[[ Supplied records, beginning ]]

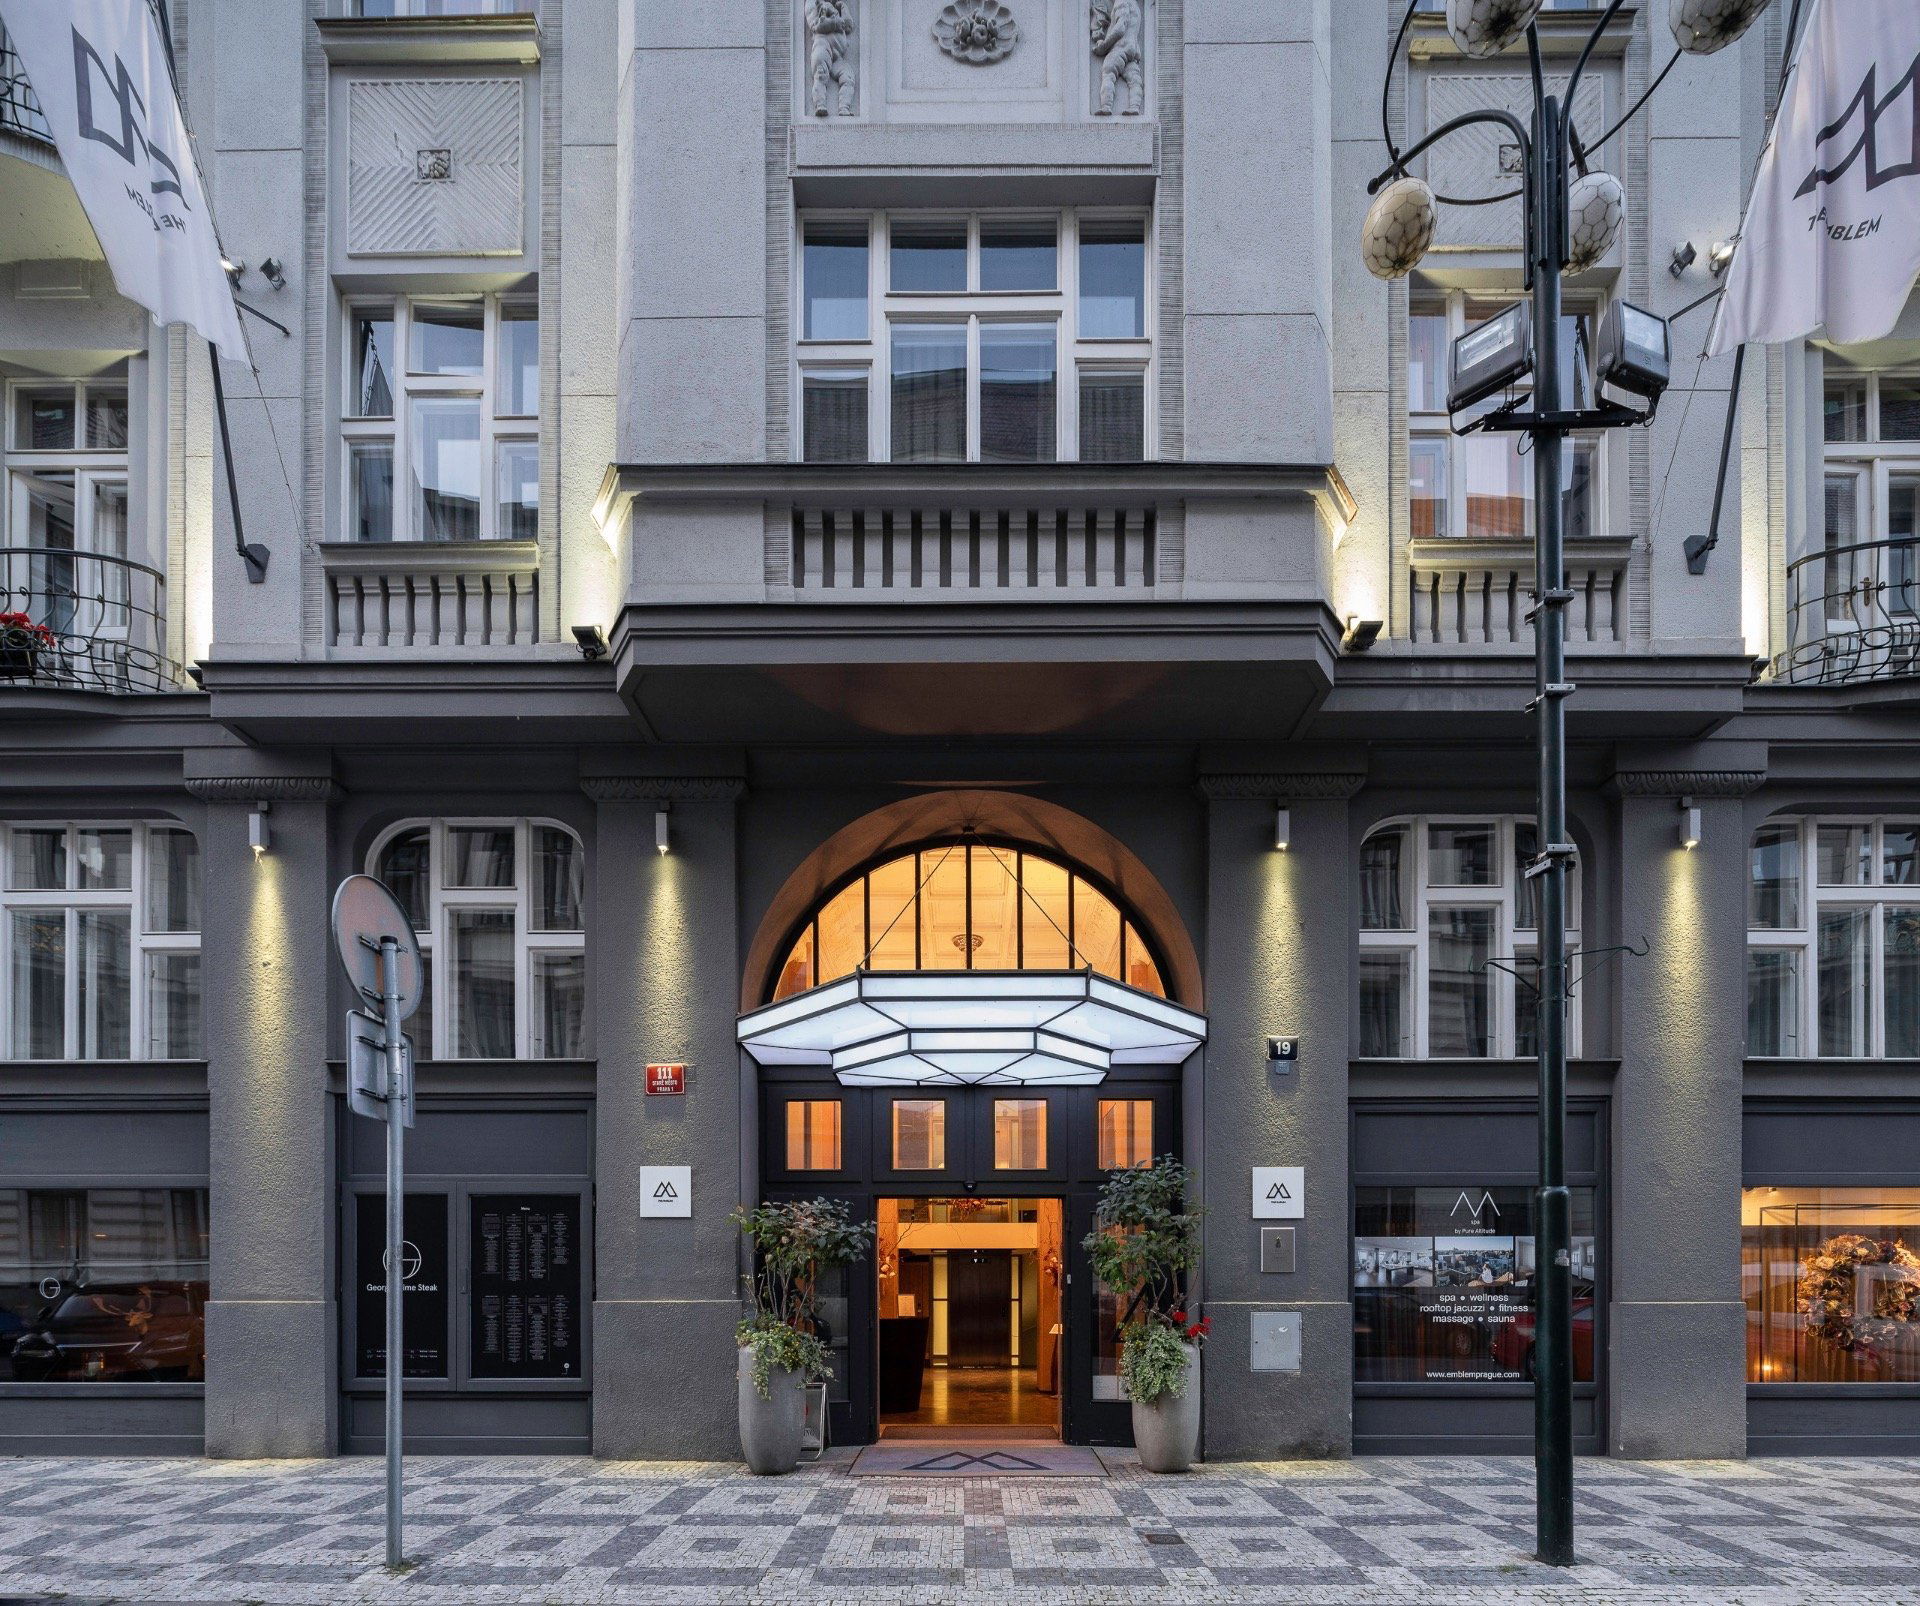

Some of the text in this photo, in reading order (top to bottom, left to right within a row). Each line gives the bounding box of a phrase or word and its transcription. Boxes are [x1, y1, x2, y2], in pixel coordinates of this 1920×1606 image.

[1275, 1041, 1291, 1055] 19
[657, 1067, 673, 1079] 111
[366, 1283, 438, 1293] Geor ime Steak
[1439, 1293, 1509, 1303] spa wellness
[1420, 1304, 1529, 1314] rooftop jacuzzi fitness
[1432, 1315, 1516, 1324] massage sauna
[1426, 1370, 1520, 1379] www.emblemprague.com
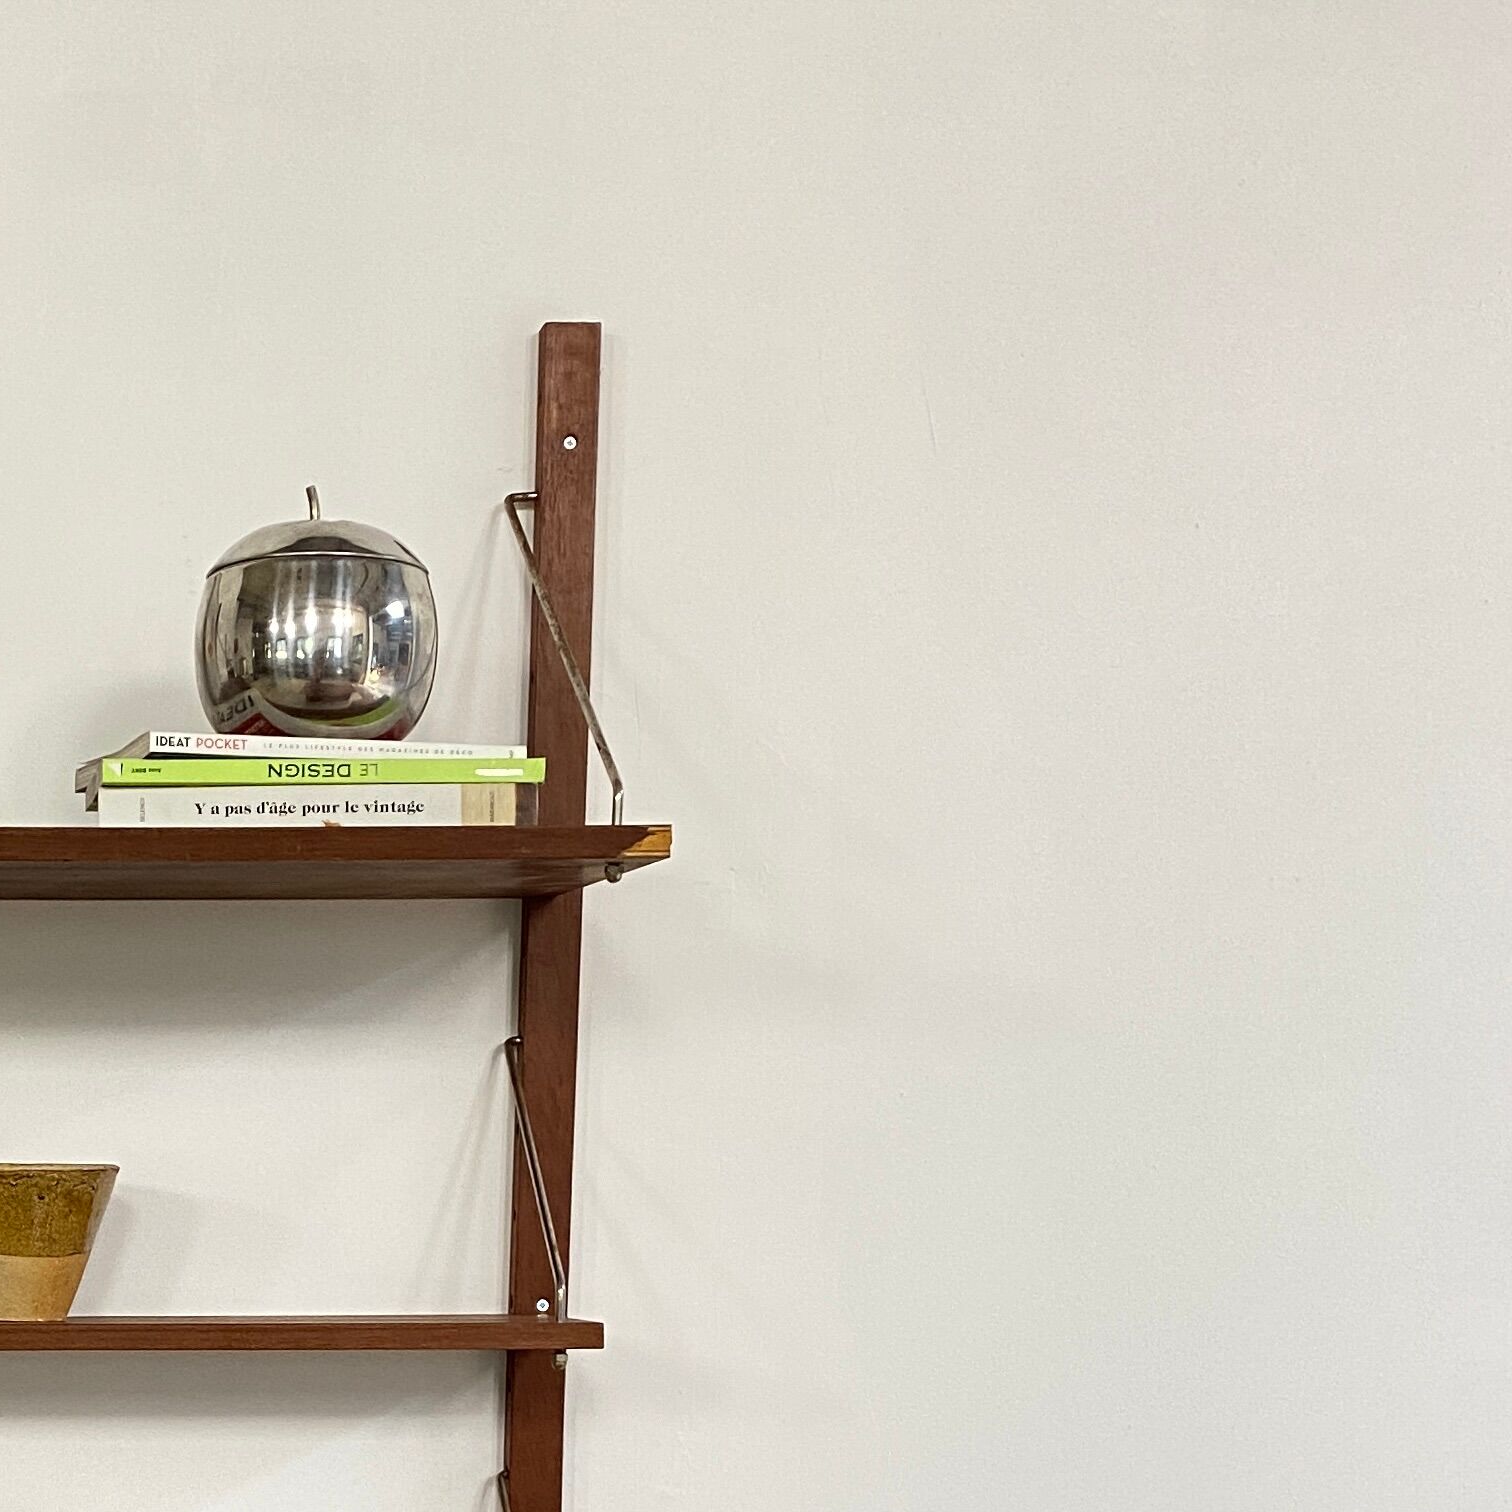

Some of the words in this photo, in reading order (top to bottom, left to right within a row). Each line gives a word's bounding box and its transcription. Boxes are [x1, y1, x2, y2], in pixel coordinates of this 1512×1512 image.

[155, 735, 192, 749] IDEAT
[195, 737, 248, 751] POCKET
[268, 764, 351, 778] DESIGN
[360, 764, 378, 776] LE
[195, 803, 204, 815] Y
[210, 805, 220, 815] a
[224, 805, 252, 819] pas
[302, 804, 338, 818] pour
[345, 801, 359, 814] le
[363, 801, 425, 817] vintage

[[ Supplied records, end ]]

= Brief =
Repeat every line of the data exactly, but do not include pictures.

= Problem solution =
Some of the text in this photo, in reading order (top to bottom, left to right within a row). Each line gives the bounding box of a phrase or word and its transcription. Boxes are [x1, y1, x2, y2], in pixel coordinates of this 1920×1606 image.

[1275, 1041, 1291, 1055] 19
[657, 1067, 673, 1079] 111
[366, 1283, 438, 1293] Geor ime Steak
[1439, 1293, 1509, 1303] spa wellness
[1420, 1304, 1529, 1314] rooftop jacuzzi fitness
[1432, 1315, 1516, 1324] massage sauna
[1426, 1370, 1520, 1379] www.emblemprague.com

Some of the words in this photo, in reading order (top to bottom, left to right within a row). Each line gives a word's bounding box and its transcription. Boxes are [x1, y1, x2, y2], in pixel coordinates of this 1512×1512 image.

[155, 735, 192, 749] IDEAT
[195, 737, 248, 751] POCKET
[268, 764, 351, 778] DESIGN
[360, 764, 378, 776] LE
[195, 803, 204, 815] Y
[210, 805, 220, 815] a
[224, 805, 252, 819] pas
[302, 804, 338, 818] pour
[345, 801, 359, 814] le
[363, 801, 425, 817] vintage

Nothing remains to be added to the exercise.